BUFFALO, N.Y. — Waiting 375 years is a long time for anything, but that’s the average time it takes for any one spot on Earth to experience a total solar eclipse.
In New York, the next one will happen on April 8, 2024, only 99 years since our last one.
“[Buffalo] City Hall didn't even exist yet. Mayor Schwab had just been re-elected to a second term. Prohibition was in full effect,” said Cynthia Van Ness, director of library and archives at the Buffalo History Museum.
January 24, 1925 was a different time in New York.
“This is definitely [...] in the middle of the radio boom in America,” said Van Ness.
One thing that didn’t change was the excitement over a rare event.
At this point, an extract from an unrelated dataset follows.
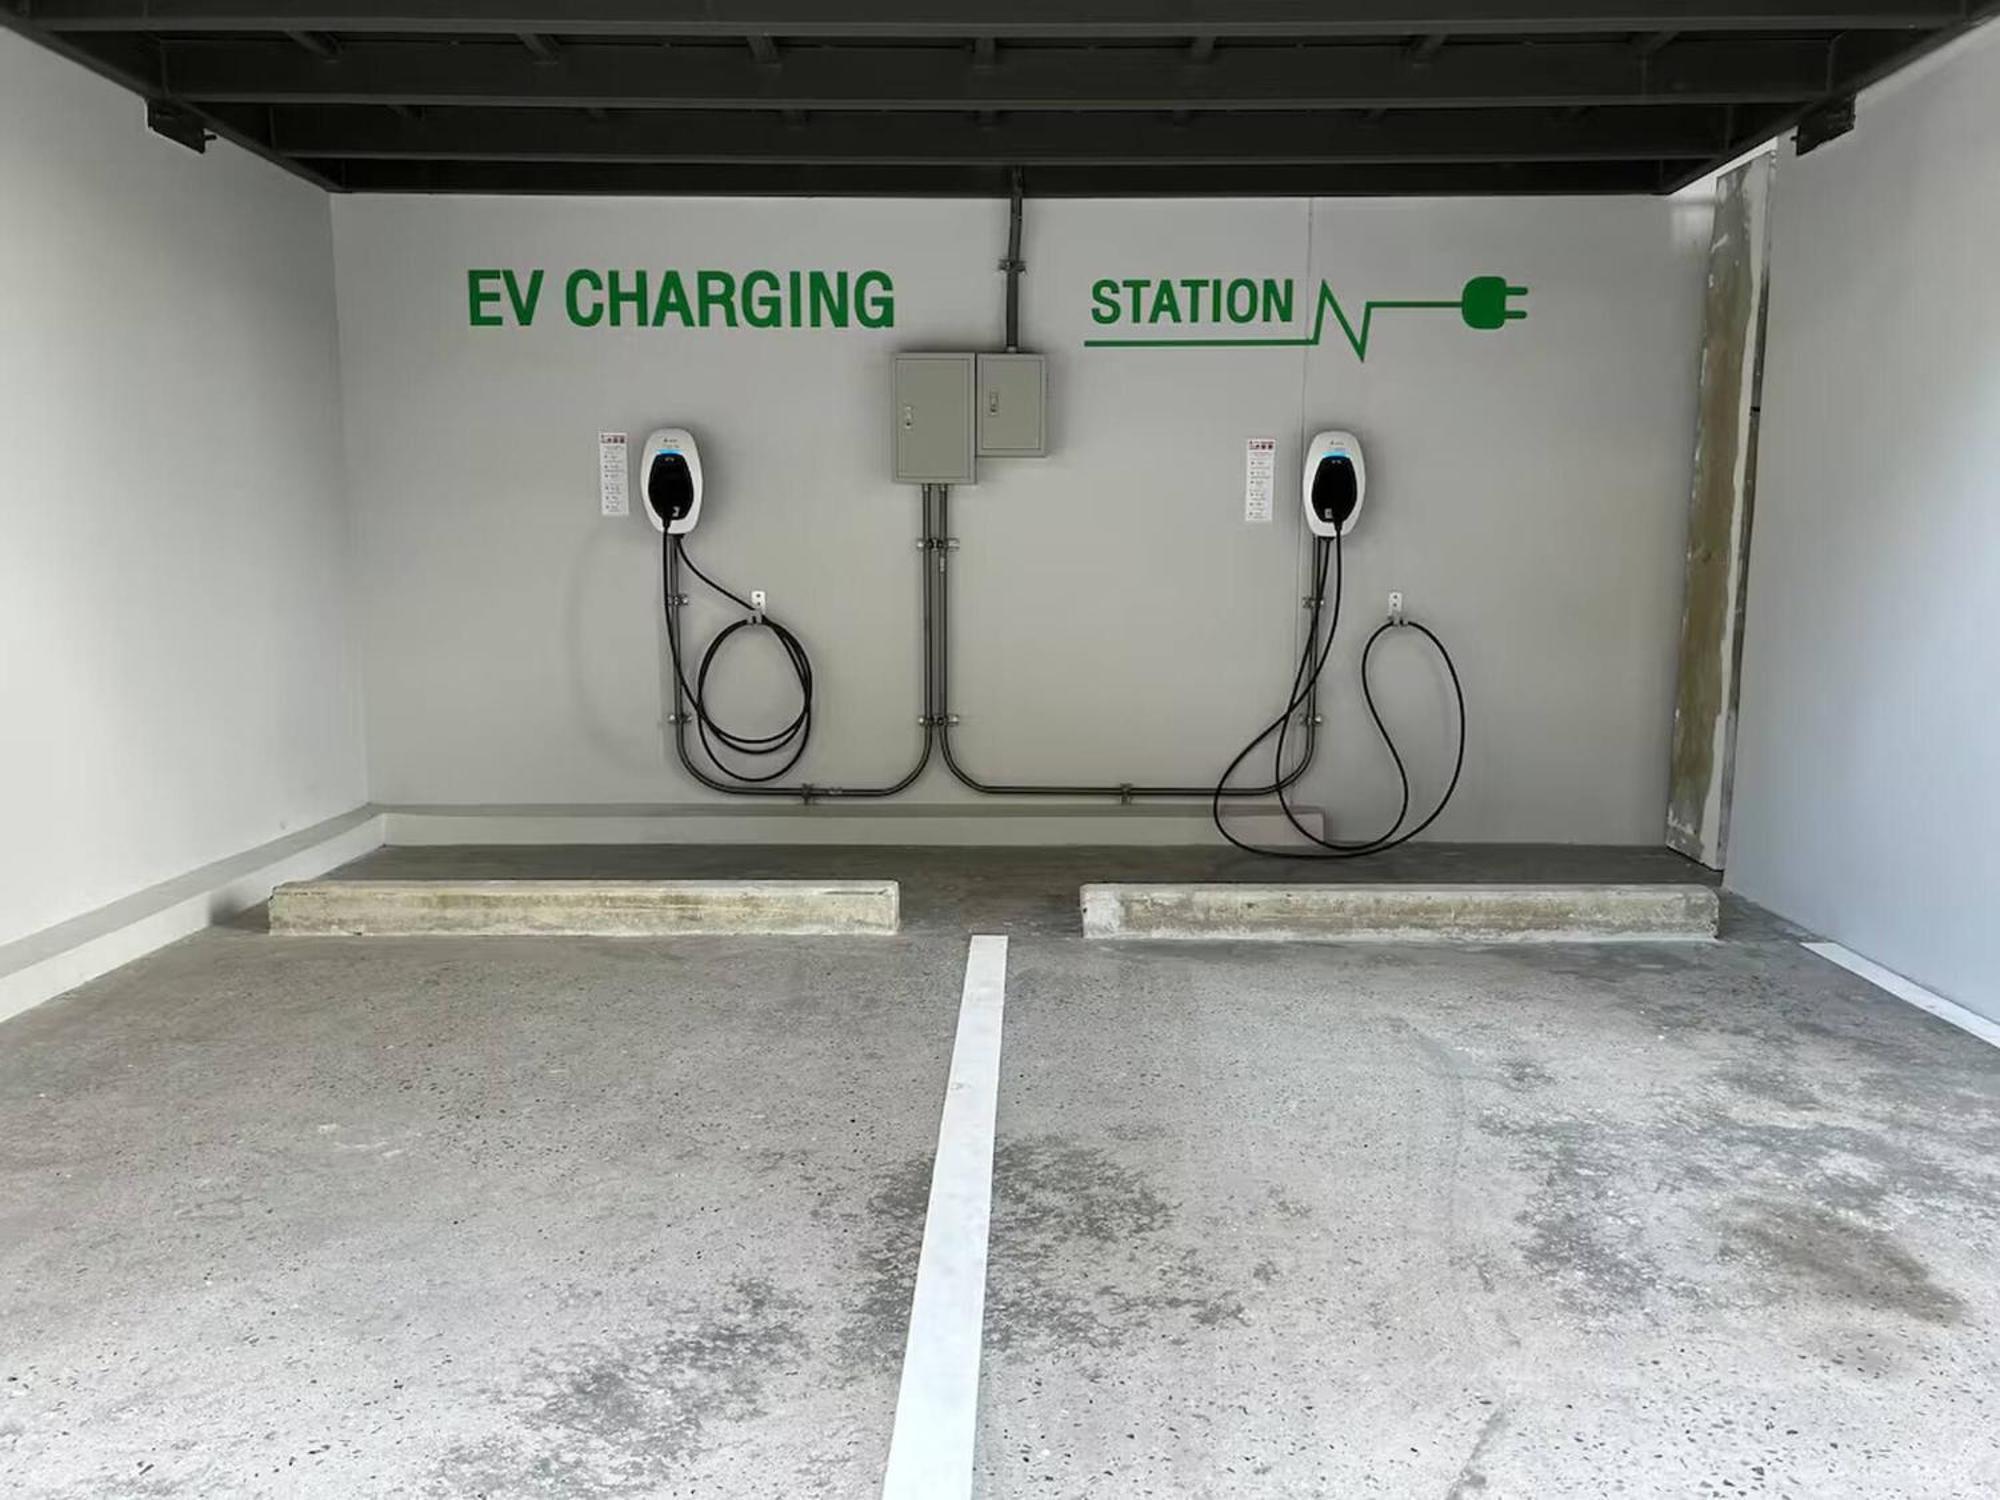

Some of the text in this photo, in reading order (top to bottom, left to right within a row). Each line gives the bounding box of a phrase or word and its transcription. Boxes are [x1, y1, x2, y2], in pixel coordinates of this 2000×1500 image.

“Eclipse plunges city into darkness,” read Van Ness from a 1925 newspaper. “Man, that gave a really big typeface.”
It wasn’t the first total solar eclipse the area saw, or tried to see.
“Great Lakes gray ruined the day,” said Van Ness.
Considering the technology though, it’s the best documented one we have — so far.
“Who knew that you could get someone from the Canadian Air Force to fly a plane 9,400 feet up and get a picture for you, but a newspaper pulled that off,” said Van Ness, looking at another news article.
It was a moment that had people pause — at least some of them.
“There's your little human interest story of a clerk in a thrift store at 1770 Main [who] left her purse on the store counter," read Van Ness. "She went to the front door when she came back, somebody had emptied $30 out of her wallet.”
The last time we got close to this kind of eclipse was a partial one back in 2017.
“It is truly a once-in-a-lifetime event,” said Holly Schreiber, the chief scientist at the Buffalo Society of Natural Sciences. “We saw about 72% of the sun covered that day”
Modern technology changed the way these events are recorded.
“People with drones are gonna send them up over their houses to get pictures for one thing,” Van Ness assumes.
“We are going to be able to experience this collectively with everybody around us at the same time,” added Schreiber.
That means New Yorkers will have much more of their reactions preserved, come April.
“Arguably, this is going to be the best documented Eclipse so far," said Schreiber. "We can look back at it and just experience the wonder again, and share it with future generations.”
The next one won’t come until 2079, and that’s just in the New York City area. In upstate and Western New York, you’ll have to wait an extra 65 years on top of that.
“If you think back to 1925, who would they have thought that we all would have cameras that could record the event? And have that technology to save for future generations," said Schreiber. "So who knows what 2144 is gonna bring.”
One thing’s for sure, April 8, 2024, will go down in history.
“Digital media surviving is dependent on hardware and software surviving," sadi Van Ness. "So if those things do, then there'll be a lot to look at.”